Work instruction | The entries below are to be repeated exactly, and their pictures left out.

(Annotated photo localization data)
== Segment start ==

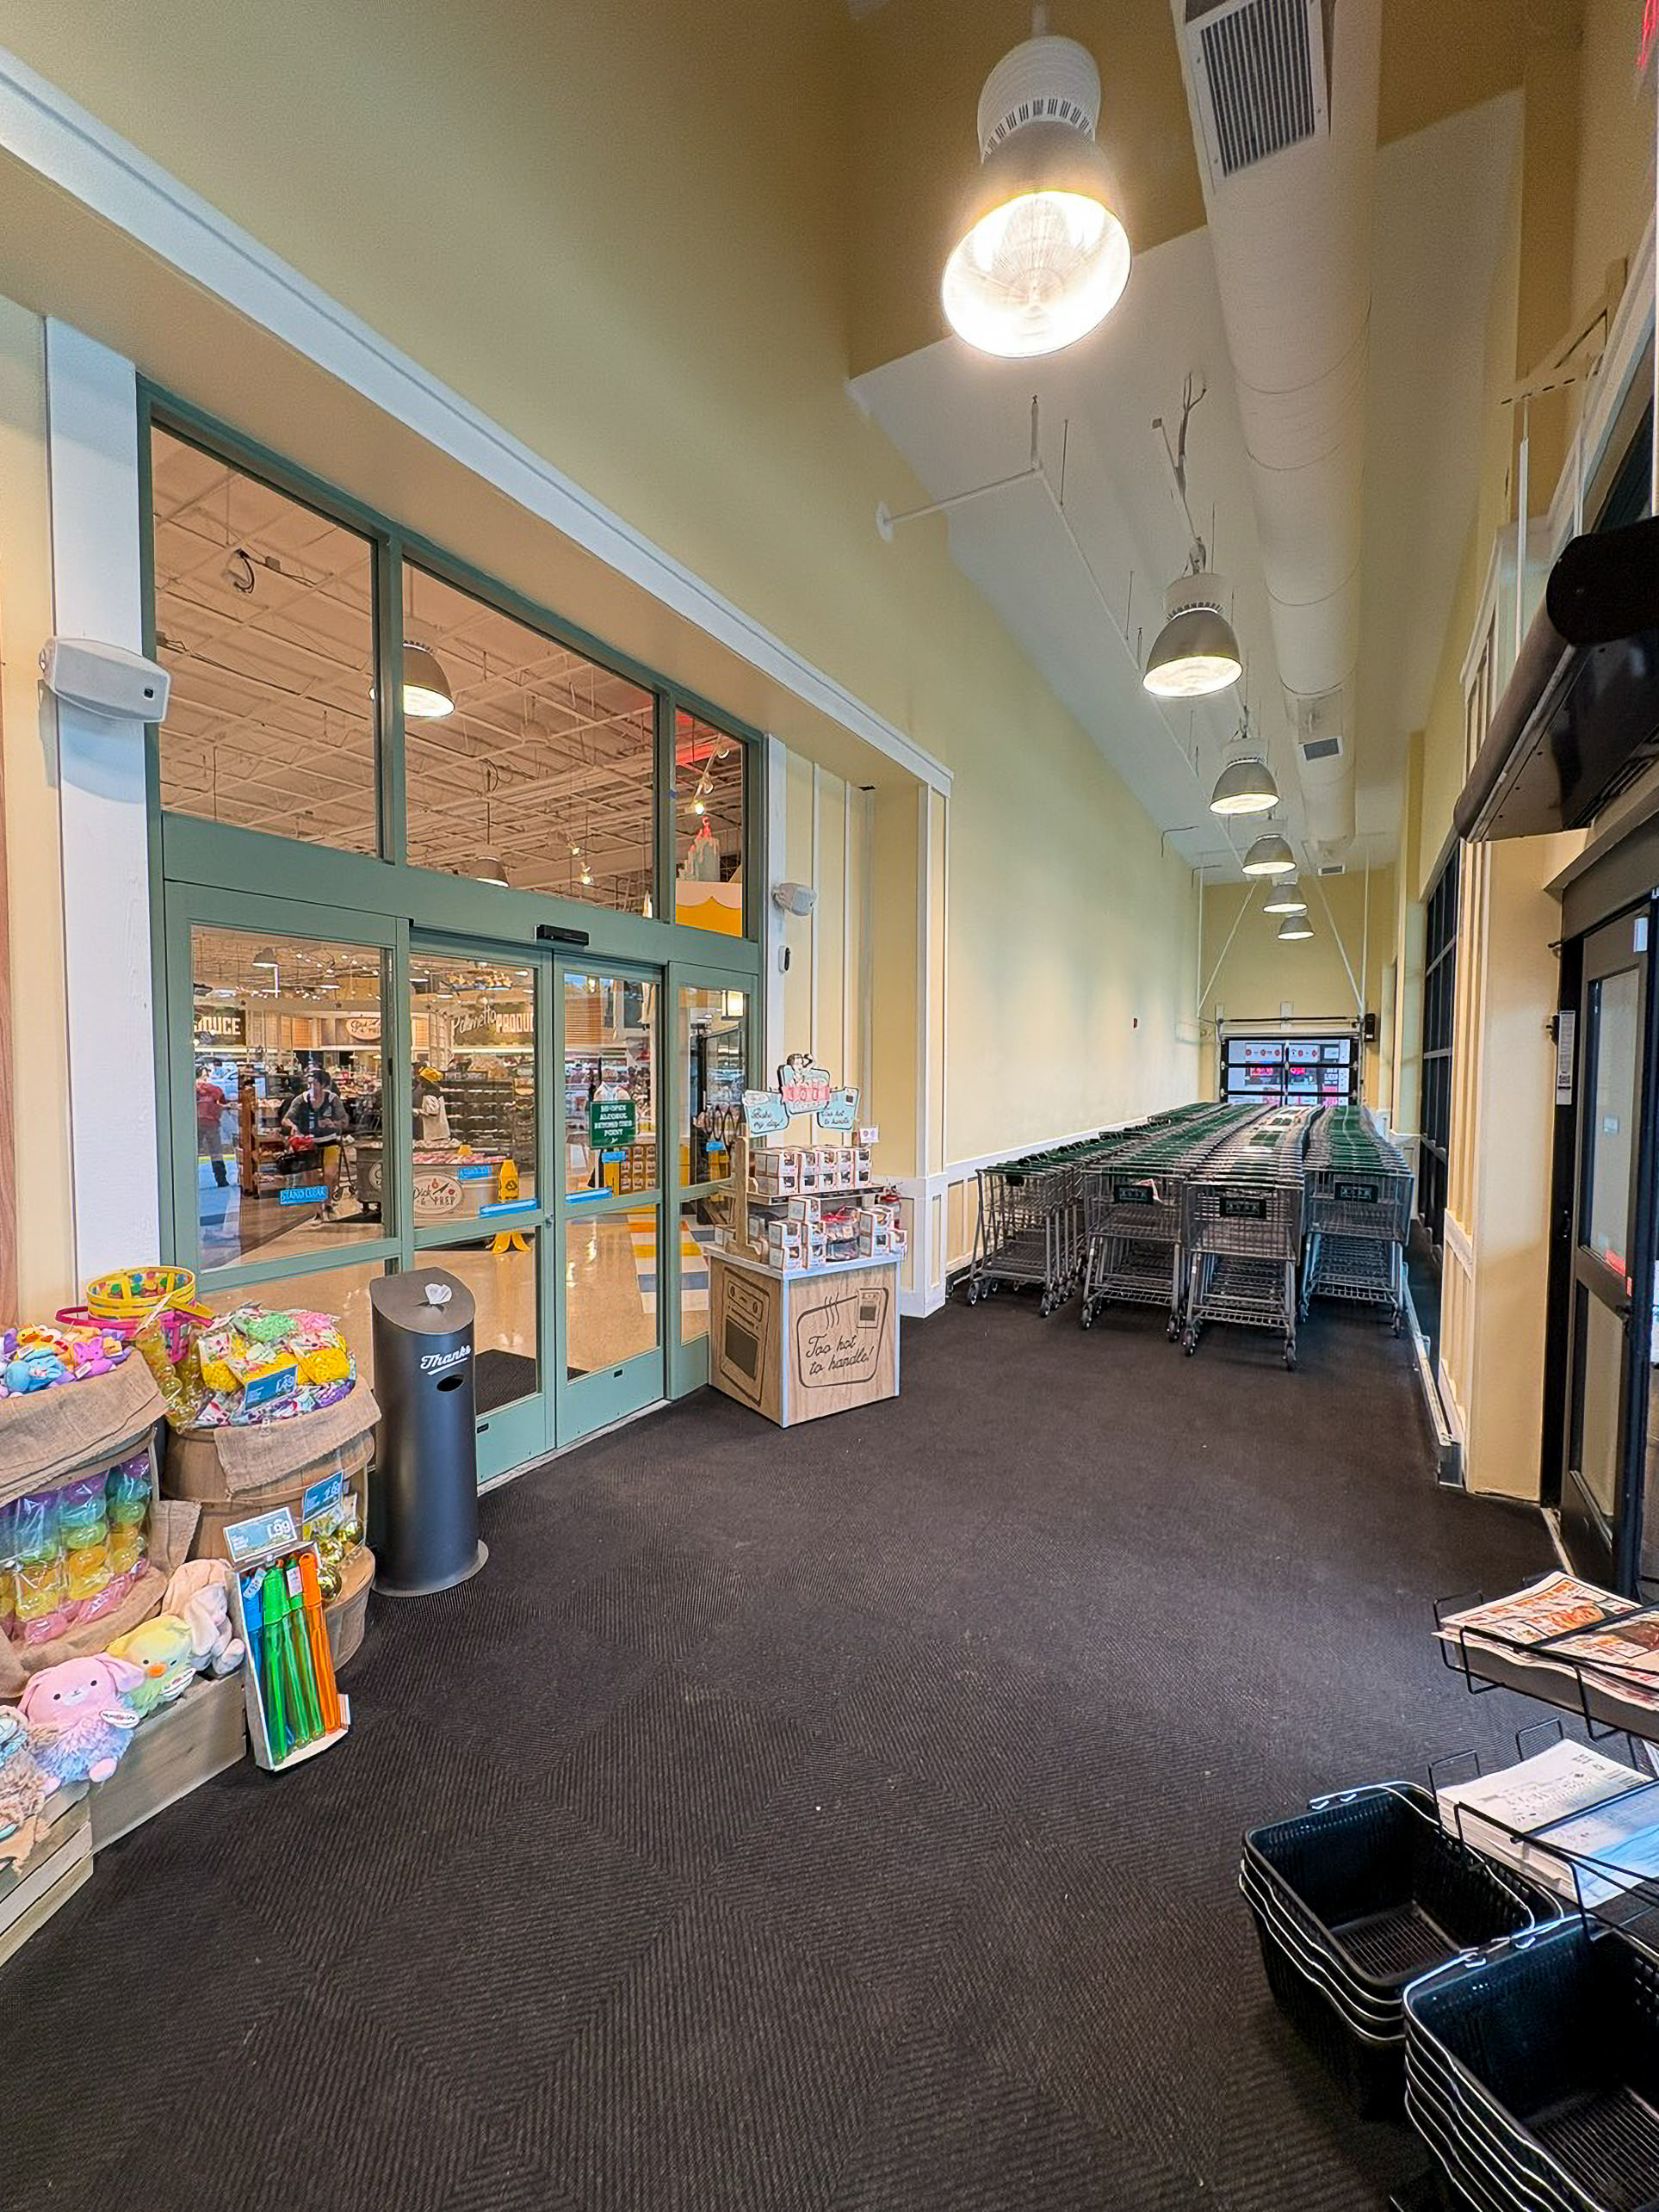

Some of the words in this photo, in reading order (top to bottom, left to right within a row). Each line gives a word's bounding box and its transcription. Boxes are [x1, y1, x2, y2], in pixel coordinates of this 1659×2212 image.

[420, 1344, 472, 1369] Thanks
[806, 1333, 833, 1358] Too
[836, 1335, 857, 1352] hot
[809, 1361, 826, 1375] to
[828, 1345, 875, 1370] handle!
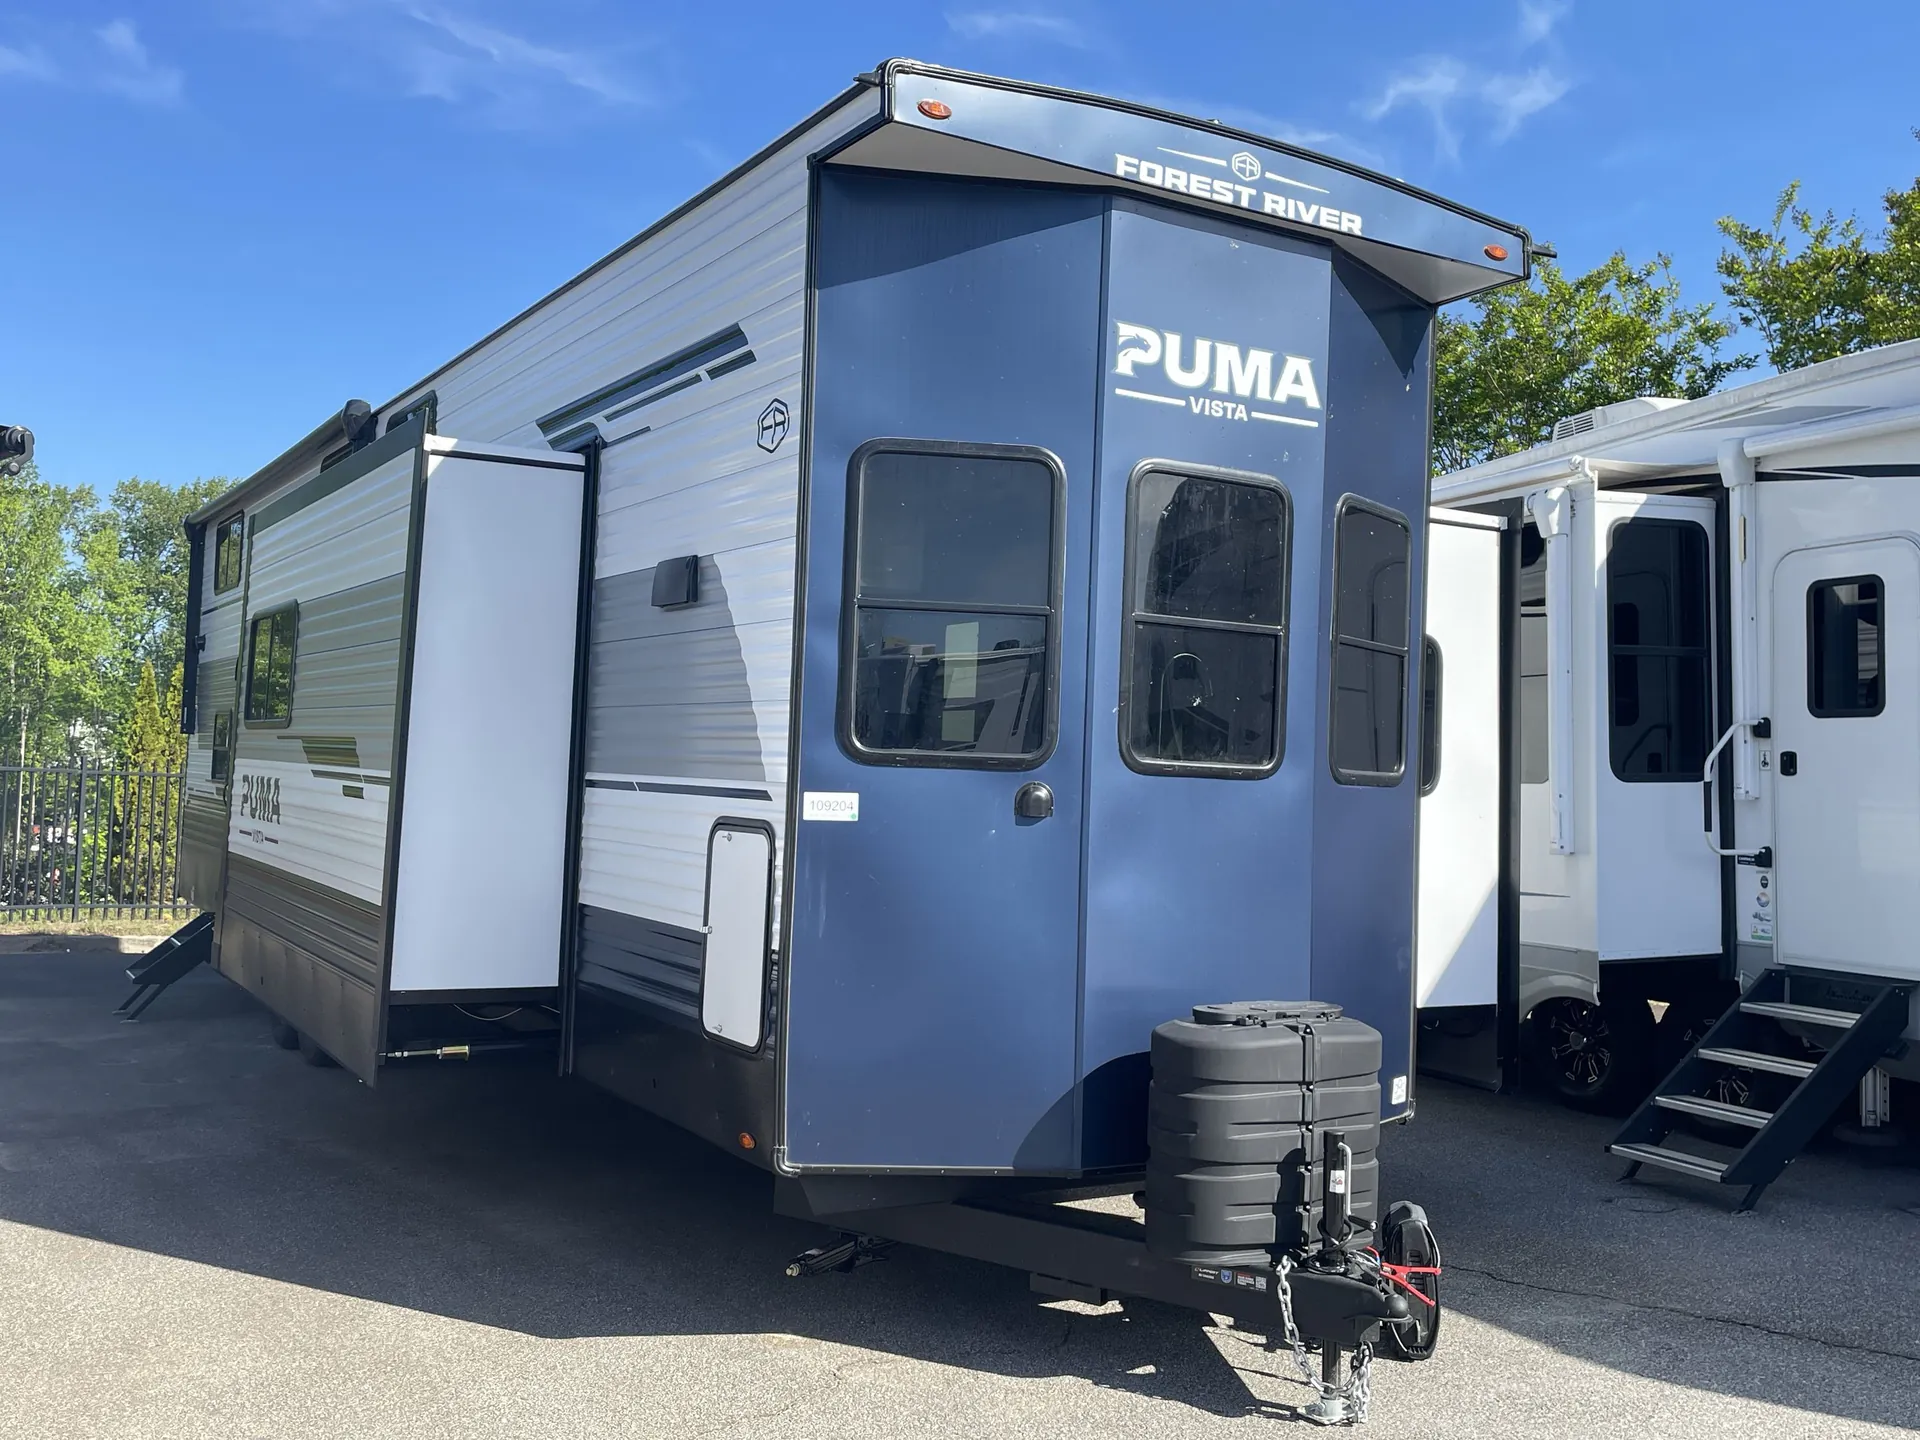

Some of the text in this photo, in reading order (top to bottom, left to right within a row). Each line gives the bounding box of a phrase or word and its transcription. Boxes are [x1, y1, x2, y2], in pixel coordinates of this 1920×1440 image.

[1115, 153, 1362, 236] FOREST RIVER
[1113, 320, 1322, 409] PUMA
[1188, 396, 1249, 422] VISTA
[240, 774, 281, 825] PUMA
[810, 799, 854, 812] 109204

== Segment end ==

Solution for this problem |
Some of the words in this photo, in reading order (top to bottom, left to right within a row). Each line gives a word's bounding box and its transcription. Boxes are [x1, y1, x2, y2], in pixel coordinates of this 1659×2212 image.

[420, 1344, 472, 1369] Thanks
[806, 1333, 833, 1358] Too
[836, 1335, 857, 1352] hot
[809, 1361, 826, 1375] to
[828, 1345, 875, 1370] handle!

Some of the text in this photo, in reading order (top to bottom, left to right within a row). Each line gives the bounding box of a phrase or word and its transcription. Boxes are [x1, y1, x2, y2], in pixel coordinates of this 1920×1440 image.

[1115, 153, 1362, 236] FOREST RIVER
[1113, 320, 1322, 409] PUMA
[1188, 396, 1249, 422] VISTA
[240, 774, 281, 825] PUMA
[810, 799, 854, 812] 109204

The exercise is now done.